Do you think you're thinking of an electronic excellent administration program or eQMS? Now we have practical experience with uncomplicated electronic solutions like Dropbox and SharePoint, to enterprise eQMS like MasterControl.
Cloud-centered good quality and compliance software package that permits everyday living sciences corporations to manage good quality processes all over the solution development lifetime cycle. Scalable for modest organizations as many as business prospects.

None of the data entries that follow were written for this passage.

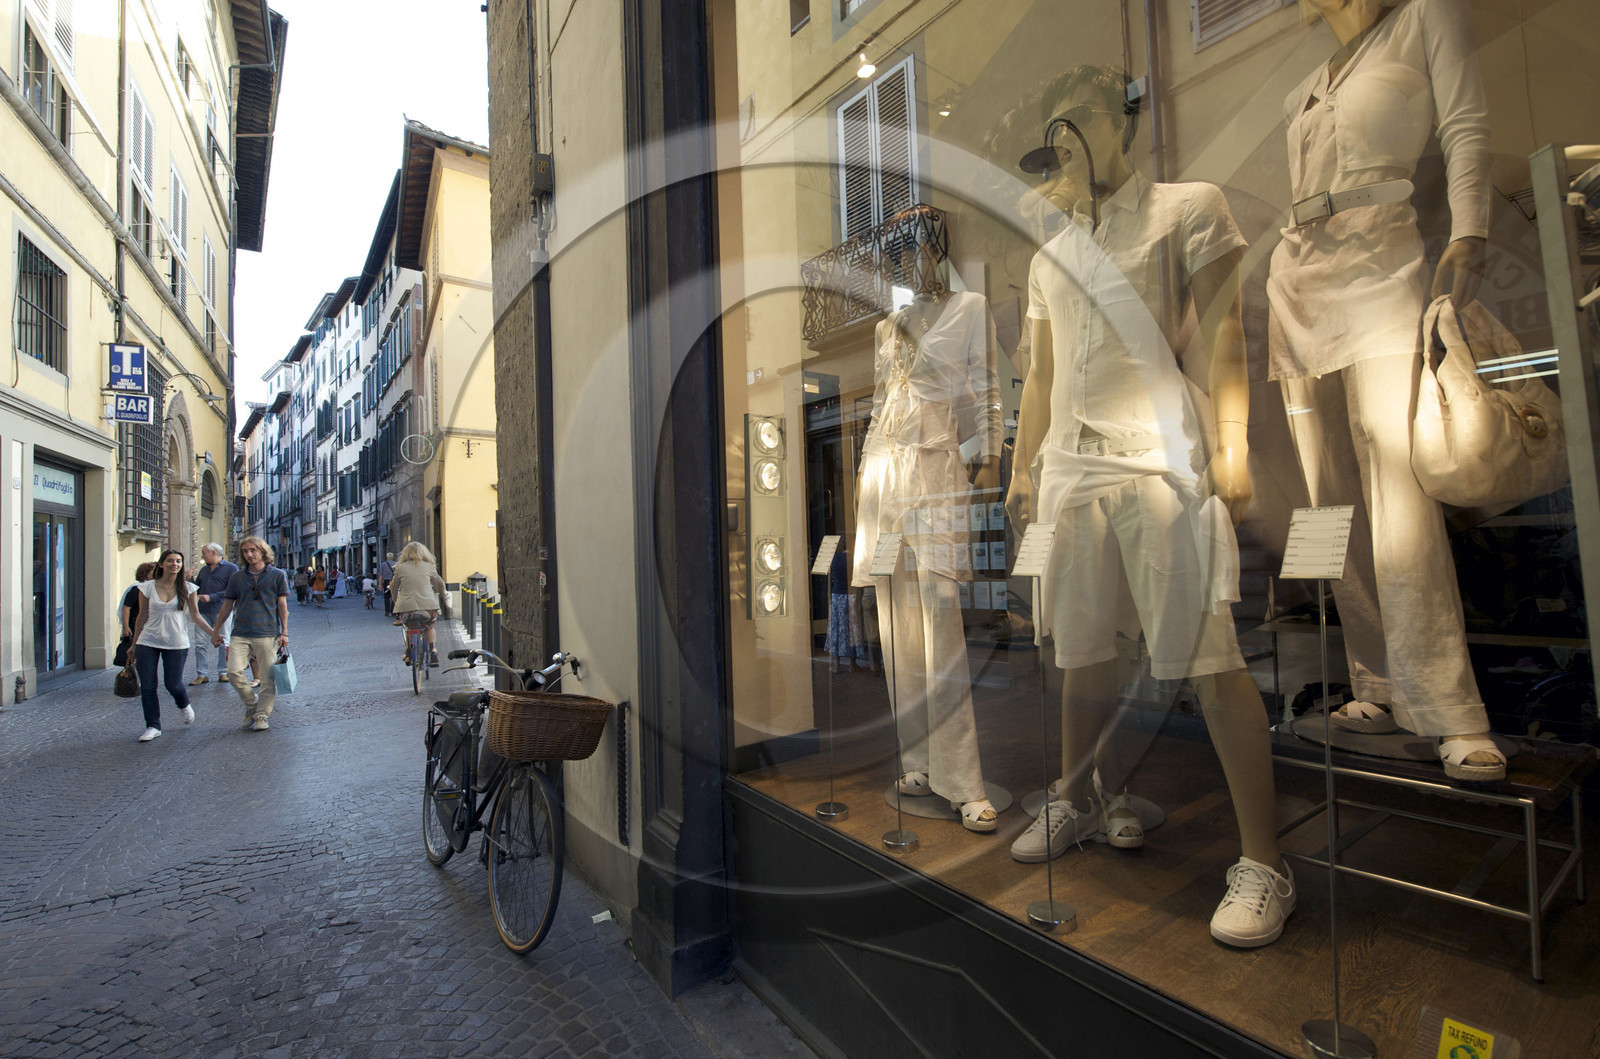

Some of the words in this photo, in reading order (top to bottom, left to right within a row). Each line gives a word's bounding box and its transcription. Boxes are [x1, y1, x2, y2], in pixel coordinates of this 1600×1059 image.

[114, 345, 140, 376] T
[117, 397, 148, 413] BAR
[121, 412, 148, 420] QUADRIFOGLIO
[42, 476, 73, 494] Quadrifoglio
[1448, 1025, 1460, 1039] TAX
[1461, 1031, 1488, 1050] REFUND
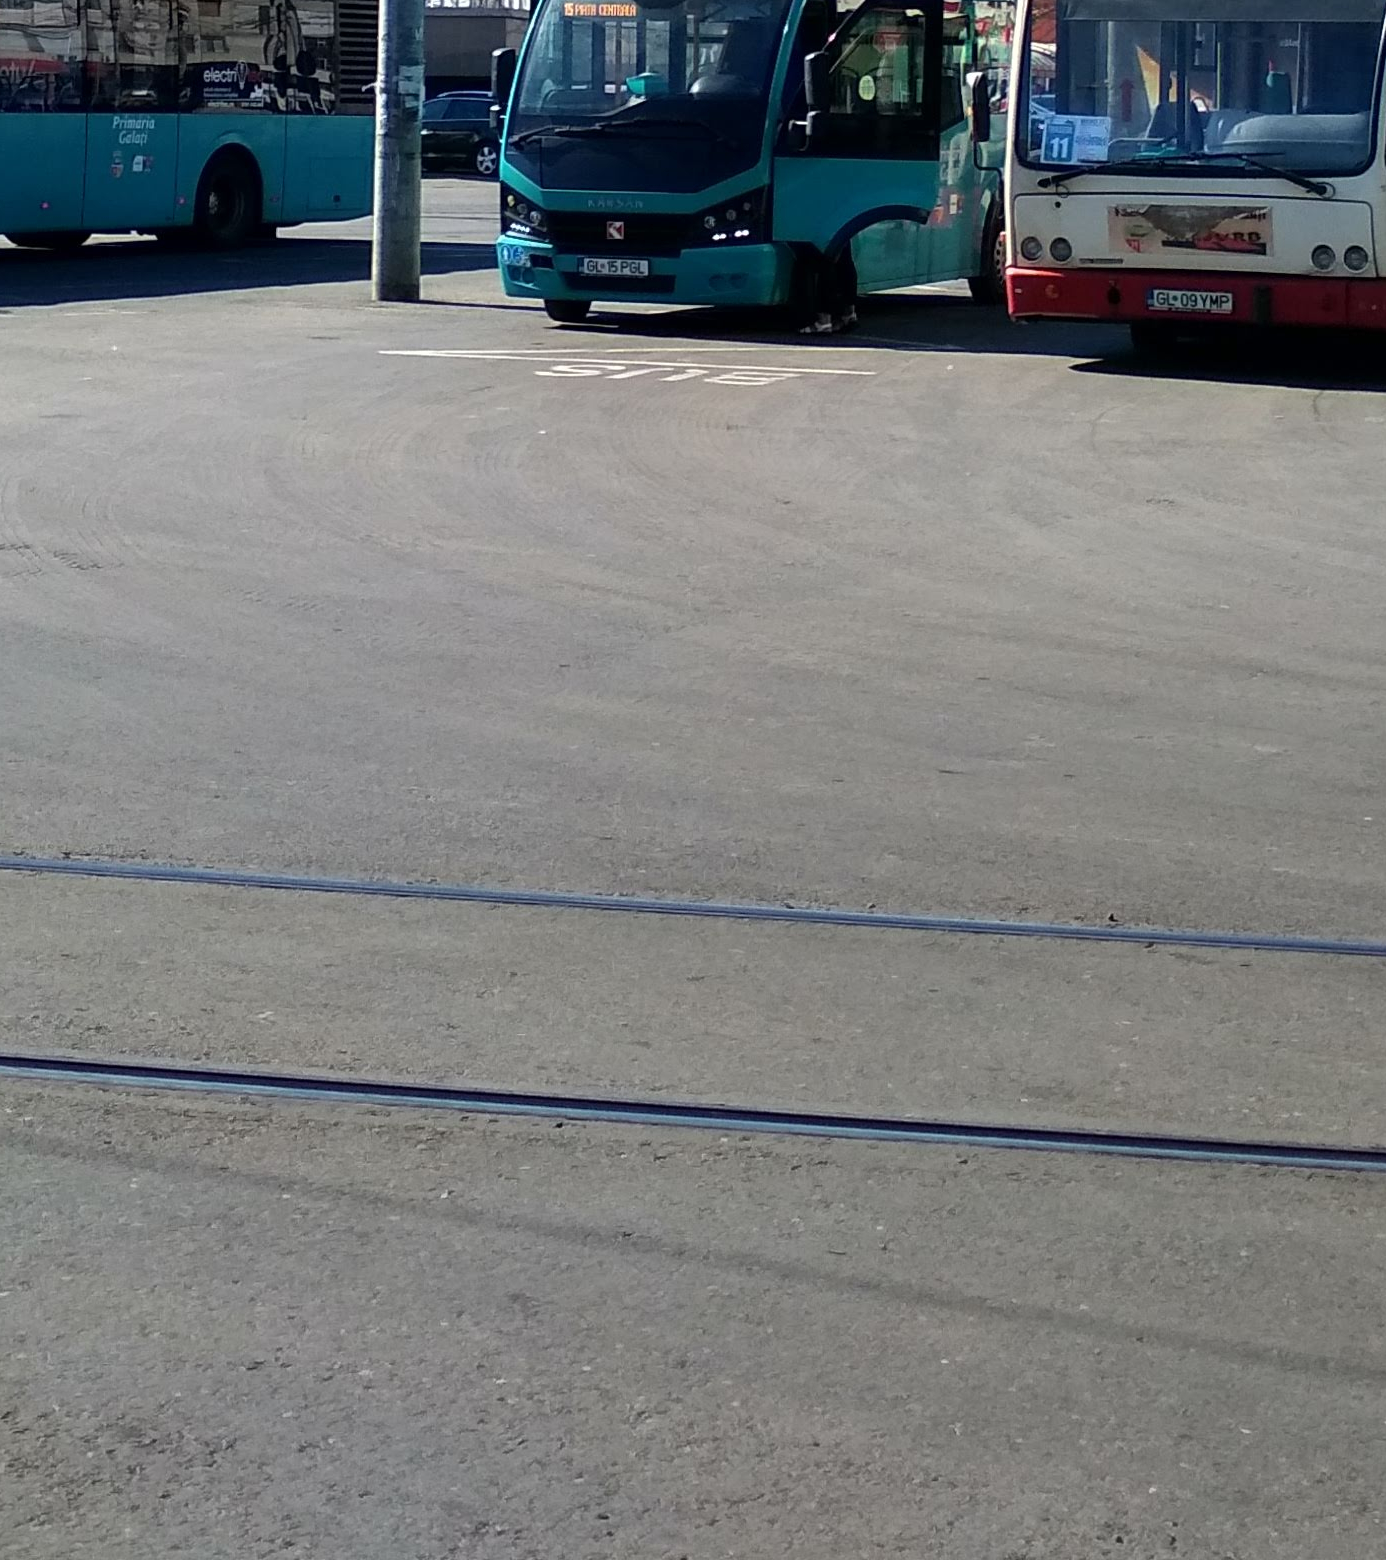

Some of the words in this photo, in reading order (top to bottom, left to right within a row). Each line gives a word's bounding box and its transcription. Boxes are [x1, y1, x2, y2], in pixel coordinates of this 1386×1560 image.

[564, 3, 573, 16] 15
[1050, 137, 1069, 158] 11
[587, 260, 602, 273] GL
[606, 260, 619, 273] 15
[620, 261, 646, 275] PGL
[1156, 292, 1174, 306] GL
[1180, 293, 1198, 307] 09
[1199, 295, 1230, 308] YMP
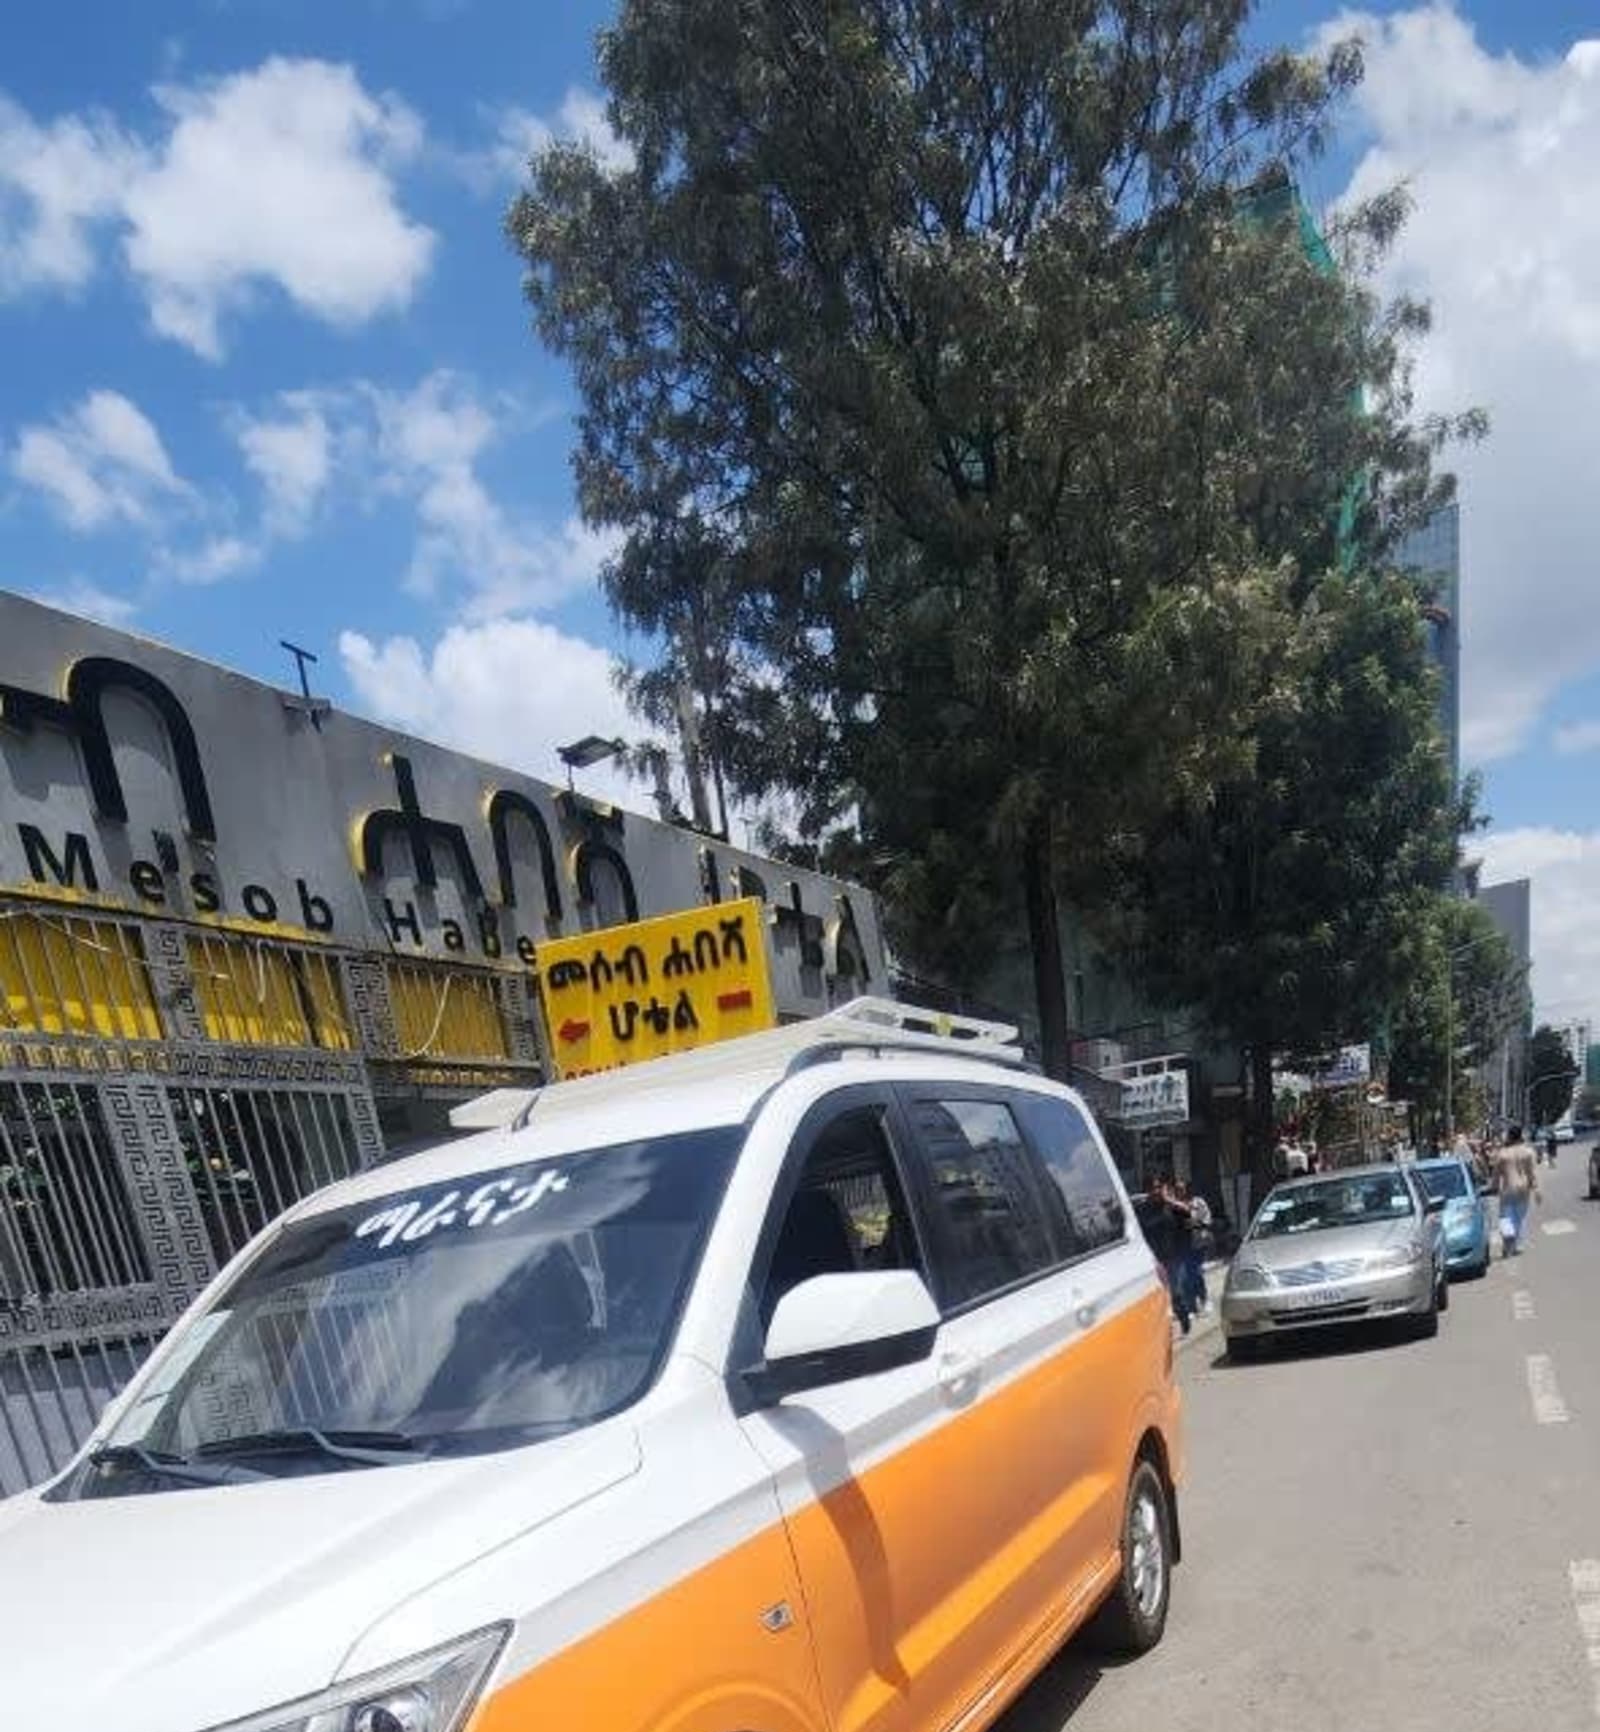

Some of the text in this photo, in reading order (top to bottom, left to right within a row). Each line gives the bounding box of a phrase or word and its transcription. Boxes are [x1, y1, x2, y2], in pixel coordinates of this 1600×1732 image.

Revolutionizing your engineering landscape is a complex enterprise. ProPharma can help you map current processes to method abilities, guaranteeing that organization-degree designs are harmonized with useful area requires. High-quality & Compliance
Even though each Business offers a novel mix of QMS needs, we work with a standardized method for evaluating, utilizing, and reporting on the high-quality administration Remedy:
Request examples of previous ISO 9001 or AS9100 certifications they’ve supported. Make sure they’ve labored with accredited registrars.
No matter if your intention is official certification or just increasing operational consistency and good quality Regulate, working with a QMS guide can streamline your initiatives and improve extensive-expression results.
Progress of functional, phased remediation programs to deal with identified gaps, with center on compliance and operational feasibility.
We provide inside and provider excellent procedure audit solutions, each distant and on-internet site audit alternatives. We can also accomplish mock FDA inspections and coaching for groups to get ready for FDA inspections.